◆ **Problem details**:
All lines from the one containing "this 1360×1360 image." through the final line of the listing below are to be retyped exactly; nothing else goes in the result.

──────────

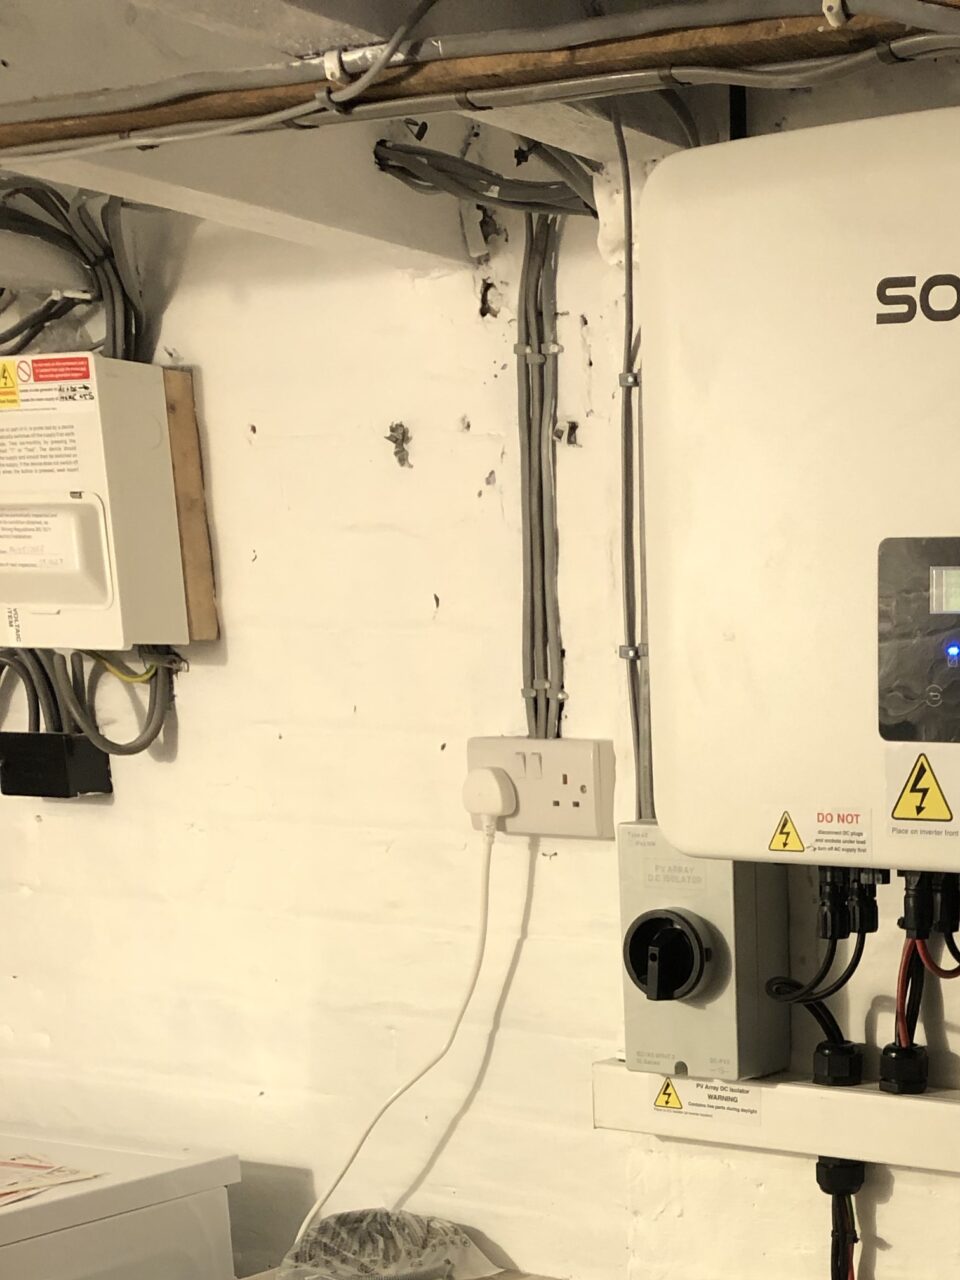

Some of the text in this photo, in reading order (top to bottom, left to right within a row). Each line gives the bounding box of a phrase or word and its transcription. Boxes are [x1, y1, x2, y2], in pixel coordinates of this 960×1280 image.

[816, 812, 861, 825] DO NOT
[892, 827, 909, 835] Place
[704, 1084, 719, 1092] Array
[707, 1094, 738, 1103] WARNING
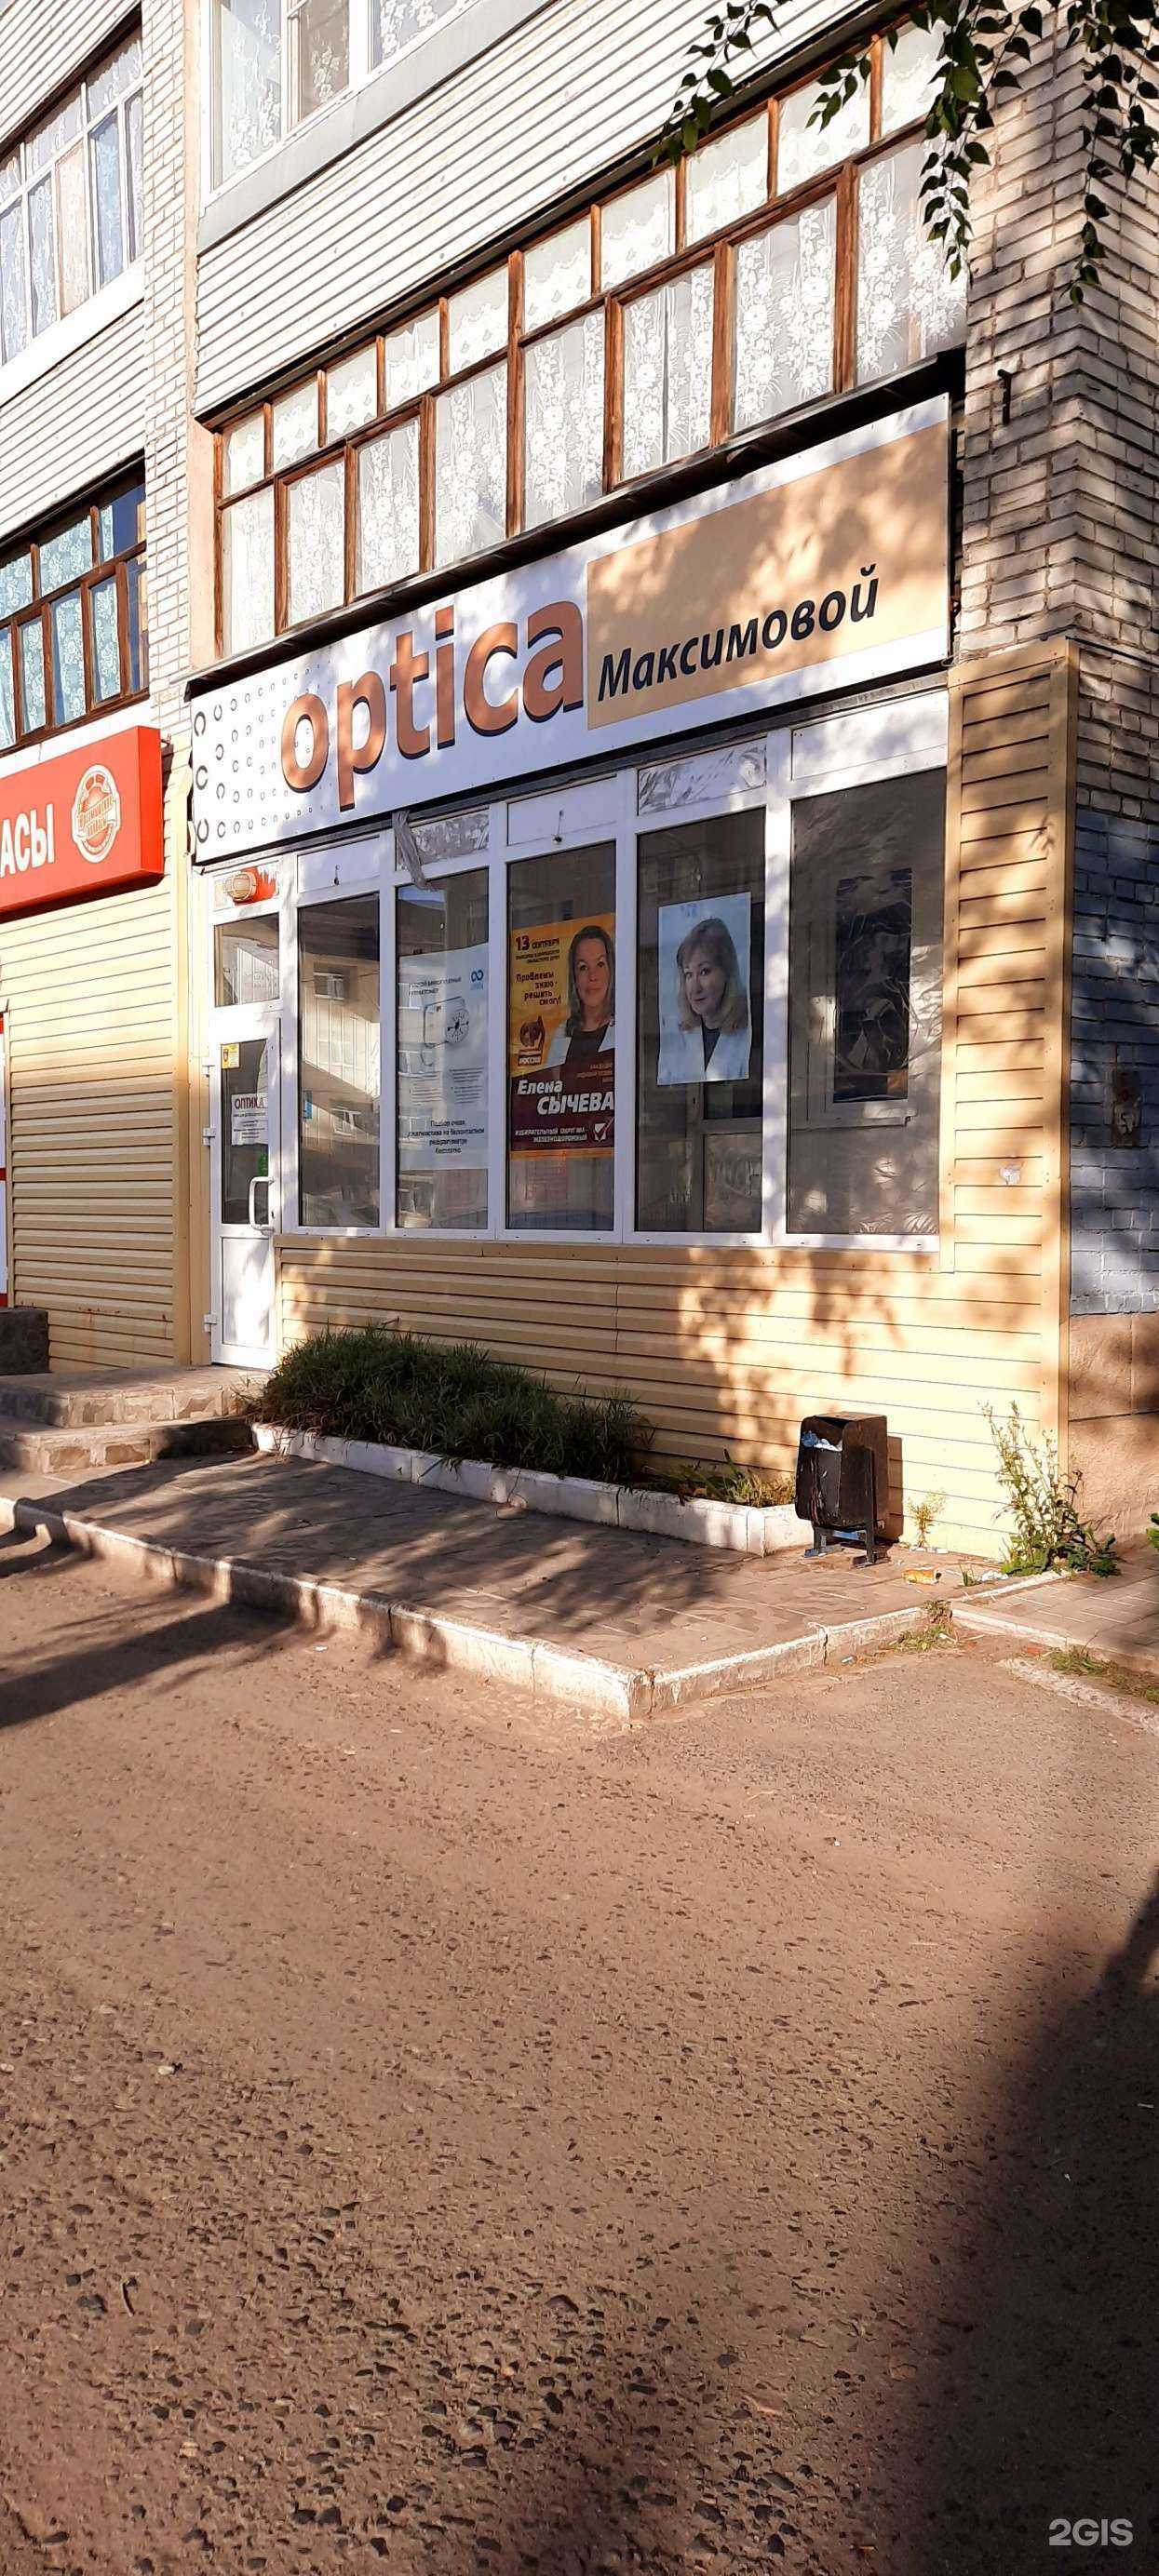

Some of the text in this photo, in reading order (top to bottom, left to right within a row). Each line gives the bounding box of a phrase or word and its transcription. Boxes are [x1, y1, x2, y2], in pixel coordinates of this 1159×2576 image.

[598, 564, 878, 703] Максимовой
[281, 601, 586, 812] optica
[0, 803, 55, 879] АСЫ
[516, 935, 530, 950] 13
[517, 1080, 563, 1095] Елена
[537, 1091, 614, 1115] СЫЧЕВА
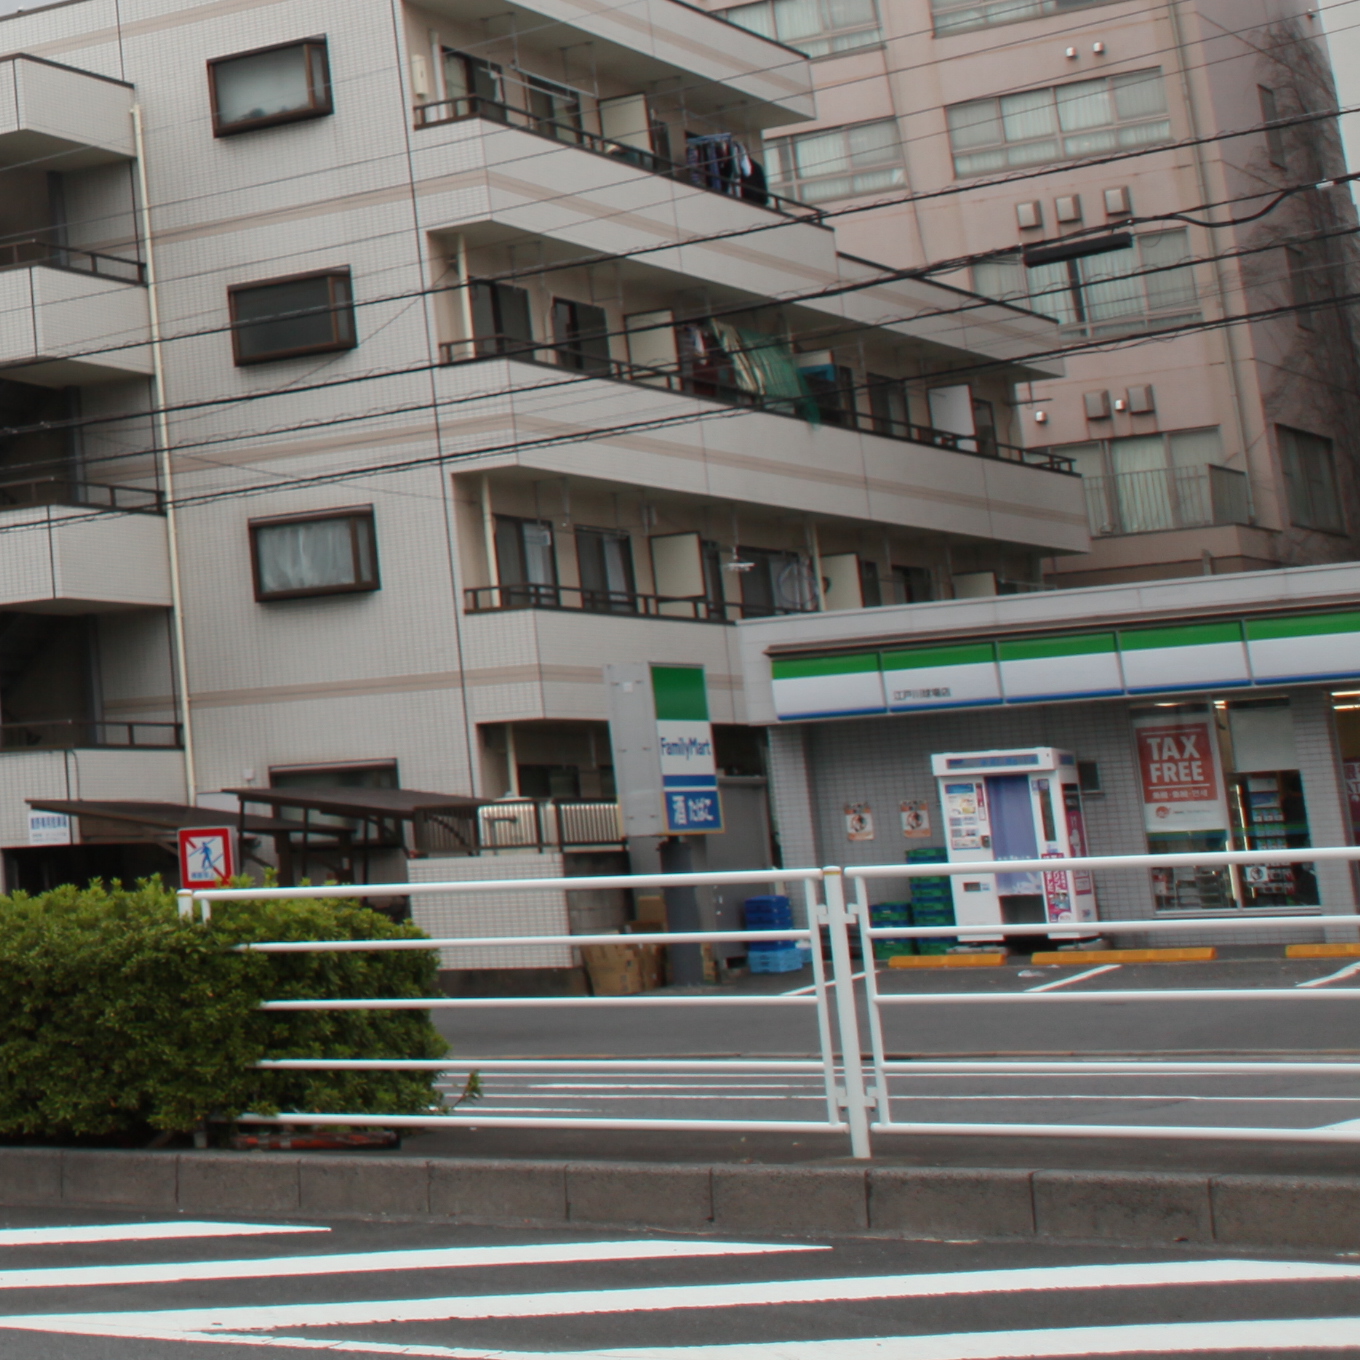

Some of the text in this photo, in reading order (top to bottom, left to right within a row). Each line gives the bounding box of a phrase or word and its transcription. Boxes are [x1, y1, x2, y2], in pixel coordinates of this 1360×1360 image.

[660, 737, 711, 760] FamilyMart
[1146, 735, 1200, 760] TAX
[1149, 761, 1204, 783] FREE

──────────

◆ **Result below**:
Some of the text in this photo, in reading order (top to bottom, left to right within a row). Each line gives the bounding box of a phrase or word and its transcription. Boxes are [x1, y1, x2, y2], in pixel coordinates of this 1360×1360 image.

[660, 737, 711, 760] FamilyMart
[1146, 735, 1200, 760] TAX
[1149, 761, 1204, 783] FREE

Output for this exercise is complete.